Worldsteel, which represents more than 160 steelmakers accounting for 85 percent of global production, had forecast in April that global demand would grow just 1.3 percent in 2017 and 0.9 percent in 2018.
“Progress in global steel markets this year to date has been encouraging. We have seen the cyclical upturn broadening and firming … ” said T.V. Narendran, chairman of the worldsteel Economics Committee.
Future prospects are less encouraging, though, especially in the longer term.
“The lack of a strong growth engine to replace China and a long-term decline in steel intensity due to technological and environmental factors will continue to weigh on steel demand in the future,” worldsteel said.

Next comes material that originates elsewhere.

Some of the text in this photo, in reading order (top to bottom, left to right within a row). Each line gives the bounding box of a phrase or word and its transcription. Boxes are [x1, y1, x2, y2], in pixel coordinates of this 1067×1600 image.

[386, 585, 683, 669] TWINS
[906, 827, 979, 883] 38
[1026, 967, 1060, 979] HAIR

Demand in India, the world’s third-largest steel consumer and the industry’s best hope after China, is expected to grow just 4.4 percent this year and 5.7 percent next year, compared with an April forecast of 6.1 percent and 7.1 percent, respectively.
On the plus side, excess capacity is being reduced, thanks largely to China’s cuts, worldsteel director general Edwin Basson said at the general assembly.
“There’s ample evidence that over a two-year space China will have closed capacity similar to total U.S. capacity and on top of that comes the induction furnace closures,” Basson said .
“There’s (still) enough capacity globally to satisfy demand for the next 20 years (but) we’re positive because the G20 (Global Forum on Steel Excess Capacity) is looking at this and there’s good co-operation between all member countries.”
Official figures from China show it has cut nearly 100 million tonnes of legal steel capacity and 120 million tonnes of illegal induction furnace capacity since the start of last year.